初めての食事
ノノクマが住んでいたという方向に向かって歩き始めた。
身長一メートルほどのノノクマに合わせているので、その歩みは自然と遅くなる。
だが、まぁ、急ぐ旅でもない。のんびり行こう。
「そういや、なんでノノクマはこっちまで来たんだ? 別に歩き回る必要は無かったんだろう?」
ノノクマは首をかしげて考え込む。
まぁ、消し炭だったし、大した考えなんか無かったのかもしれないが。
「覚えてないんなら別にいいぞ?」
しかし、ノノクマは眉間にしわを寄せ一生懸命考え込んでいる。
その真剣な表情に、思わず頬が緩む。険しさより愛らしさ感じさせるのは子供の特権だろうか?
「ノノクマは……こっちに来なければいけなかった気がします」
ふと顔を上げ、オレを見上げる。
「真っ黒だったころのことはよく覚えていないのですが、こっちに来なければいけなかったんだと思います」
こっち……ノノクマが指してた山とは反対を向く。そこには、オレが再生した緑の道がぐだぐだと曲がりながら地平線まで続いていた。
真っすぐ歩いてきたつもりだったが、意外とそうでもないな。
思わず苦笑し、ノノクマを見る。
「こっちに何かあるのか?」
何気ないオレの質問に、ノノクマは「あ!」と何かに気づいたように目を見開いた。
「神様がいました! ノノクマは神様にお仕えするためにこっちに来たんだと思います!」
フンスと鼻息荒く宣言するその姿は非常に愛らしい。
しかし、この世界を破滅させた連中と同じ扱いはなぁ……
「ノノクマ? オレは神様じゃない」
改めて訂正させて頂く。
「そうなのですか? ですが神様は灰色を緑に出来ます。ノノクマの知ってる神様にそんな力はありませんでした。こんなこと出来る神様は本当の神様しかいないとノノクマは思ったのですが……」
ノノクマは少し残念そうに俯いた。
つか本当の神様って……やはり連中は神を自称してただけで、ノノクマたちからはパチモン扱いされてたようだな。なんか笑える。
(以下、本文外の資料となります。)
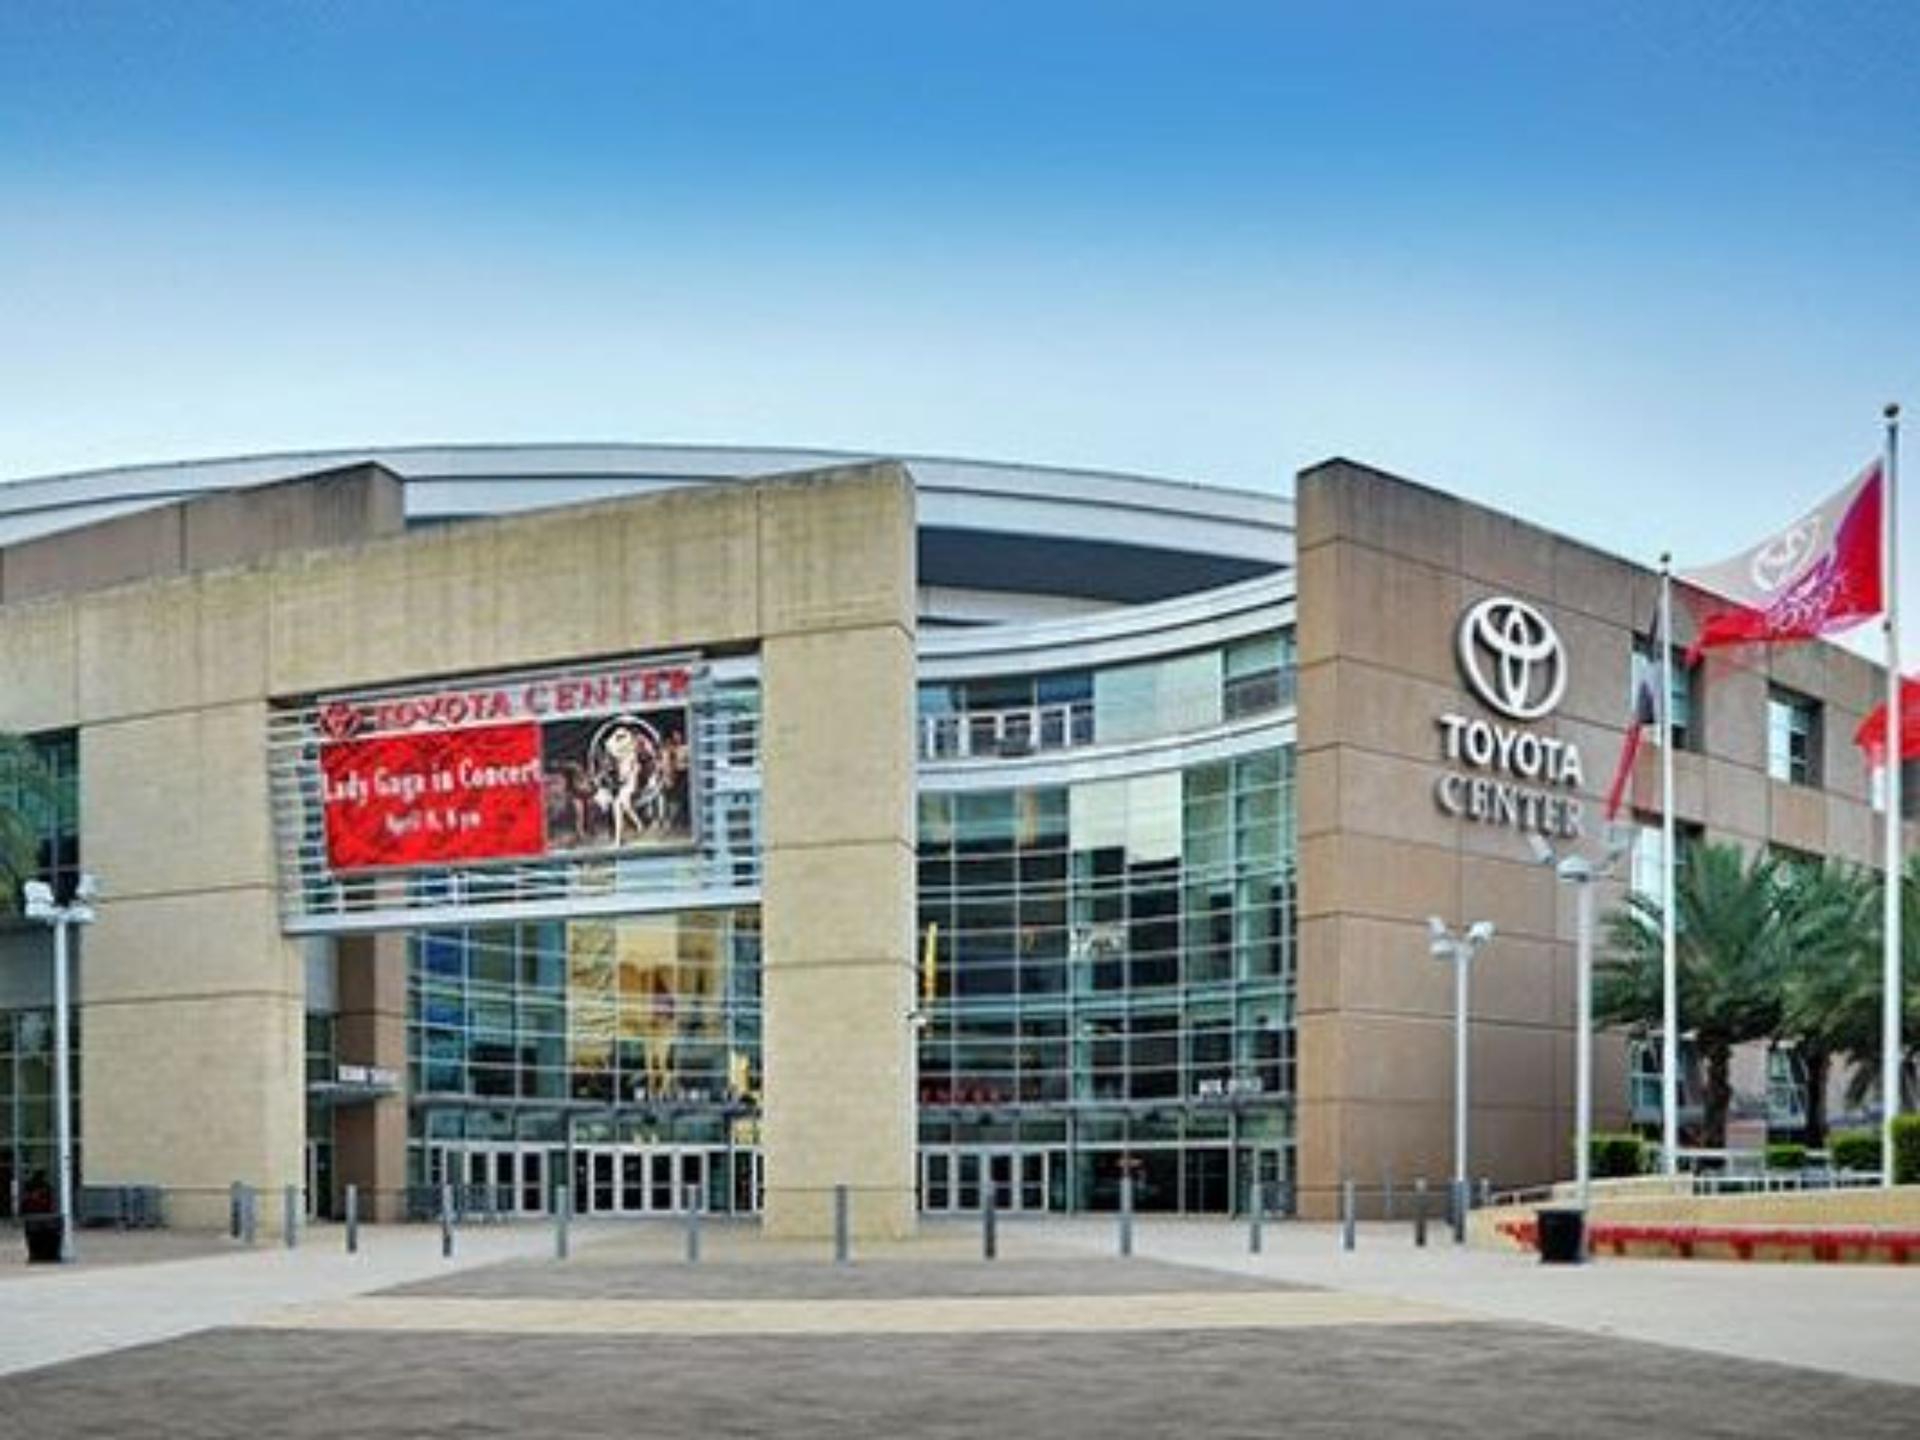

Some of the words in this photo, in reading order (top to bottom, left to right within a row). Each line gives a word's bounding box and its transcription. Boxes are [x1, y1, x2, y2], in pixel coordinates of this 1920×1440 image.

[374, 690, 511, 730] TOYOTA
[521, 668, 692, 715] CENTER
[1437, 713, 1583, 786] TOYOTA
[322, 769, 369, 808] Lady
[374, 766, 426, 805] Gaga
[431, 762, 455, 793] in
[459, 757, 542, 789] Concert
[1437, 773, 1583, 838] CENTER
しかし、神は居なくともギフトはある。魔法なんかもあったのだろうか?
つか、そもそもなんでノノクマは炭化した状態で動けたのか?
「なぁ、ノノクマ。世界がこんなことになる前も死んだ人間が動き回るなんてことはあったのか?」
「ノノクマはお友達からそんな話を聞いたことがあります。でも、カカ様に話したら、そんなのはおとぎ話だと言ってました。ノノクマにはどっちが本当かはわからないです」
ふむ。素直に考えれば、都市伝説的に死者が動くという話はあるが、それ以上の確証は無い、という感じか。まぁ、何らかの意図で子供には真実を隠していた可能性も無くは無いだろうけど、現状だとこれ以上確認しようがない。
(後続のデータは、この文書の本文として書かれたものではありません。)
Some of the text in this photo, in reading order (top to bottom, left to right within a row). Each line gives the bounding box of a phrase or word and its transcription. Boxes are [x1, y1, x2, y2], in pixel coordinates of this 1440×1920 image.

ノノクマが例外的存在でないとすれば、またいずれ炭化した人間を再生することになるかもしれないし、その時に改めて確認すればいいか。
まぁ、ノノクマが例外だったら、それで終わりだが。
きゅるるるるるる……
不意に妙なもの音が聞こえ、見ると、ノノクマが蹲っていた。
「どうしたノノクマ?」
「すみません神様……ノノクマはお腹が空いてしまいました。神様が平気そうなので、ノノクマも平気になったのかと思ってたのですが、ノノクマはダメ見たいです……」
「!」
ノノクマが再生してから半日以上が経ってる。オレは”無敵”のおかげで食事をする必要が無かったのだが、普通人は食わねば飢える。この世界についてから4カ月近くオレは食事をしていなかったので、すっかりそのこと忘れていた。
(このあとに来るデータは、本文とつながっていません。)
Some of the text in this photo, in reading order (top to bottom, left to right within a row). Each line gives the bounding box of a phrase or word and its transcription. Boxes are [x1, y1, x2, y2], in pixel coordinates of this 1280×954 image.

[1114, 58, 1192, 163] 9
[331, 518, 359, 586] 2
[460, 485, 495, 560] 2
「すまん、ノノクマ。いま用意するからもうちょっとだけ我慢しててくれ」
とは言ったものの、どうするか?
いや、”万能”のギフトを使うつもりなのだが、はっきり言うと使い方が分からん。今まで特に必要なかったのと、目減りすると聞いていたので試してもいなかった。
イメージするだけで出てきたりするものなのだろうか?
まぁ、悩んでても仕方ない。オレはパッと食べられるものを思い浮かべ、それらが目の前の地面の上に置いてある状況をイメージした。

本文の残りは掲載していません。